This fresh-voiced tale of escape by South African company African Tree Productions is a vivid splash of colour and imagination, performed with great energy and physical comedy.
Kgosana Thekwana’s play mixes farce and social commentary as it delves into the miscarriages of justice behind the imprisonment of three men who we watch break out of jail at the start.
Under Alex Motswiri’s sprightly direction, a five-strong cast play the escapees and multiple other roles, setting the scene in joyfully inventive poor theatre style. Kitted out in primary-coloured jumpsuits, they clamber over each other to create courtrooms, cars and shops. This visual inventiveness is yoked to a Three Stooges sensibility that produces some genuinely funny moments against a backdrop of social inequality and poverty in Johannesburg and Cape Town.

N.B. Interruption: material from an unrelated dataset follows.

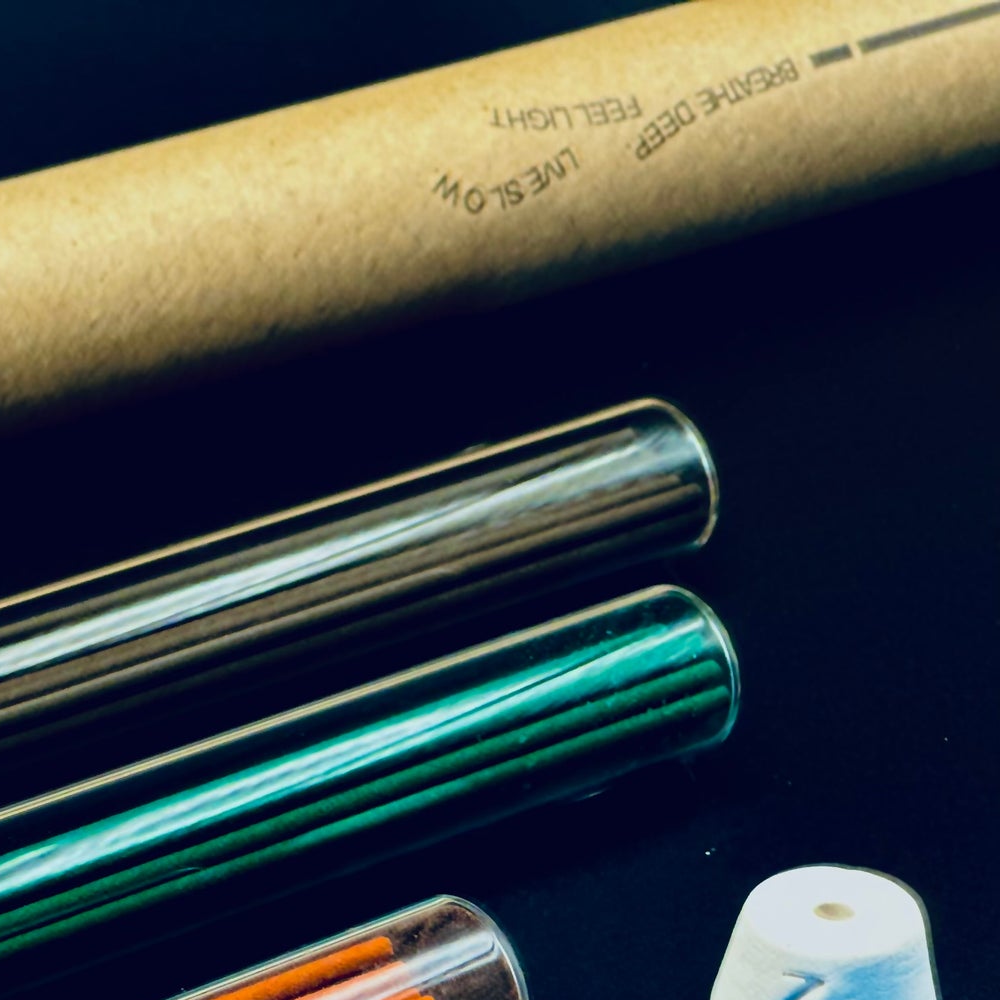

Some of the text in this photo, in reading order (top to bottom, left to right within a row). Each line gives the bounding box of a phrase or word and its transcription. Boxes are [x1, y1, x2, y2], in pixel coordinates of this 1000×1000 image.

The social stigma of AIDS, the treatment of women and deep-seated ethnic tensions are all part of the production’s glide across the landscape of modern South Africa. The everyday harshness of the play’s world gives its knockabout humour a distinctive edge. While never heavy-handed, it doesn't ignore the politics of the social divisions within which its characters live.
In terms of structure, the script is a bit chaotic: the prisoners’ flashbacks feel lopsided and the story doesn’t so much conclude as just abruptly stop in the back of a truck. But this loose-limbed quality is part of the show’s charm. Its rangy sense of fun is infectious and the performances burst off the stage to sweep you up in an irresistible rush.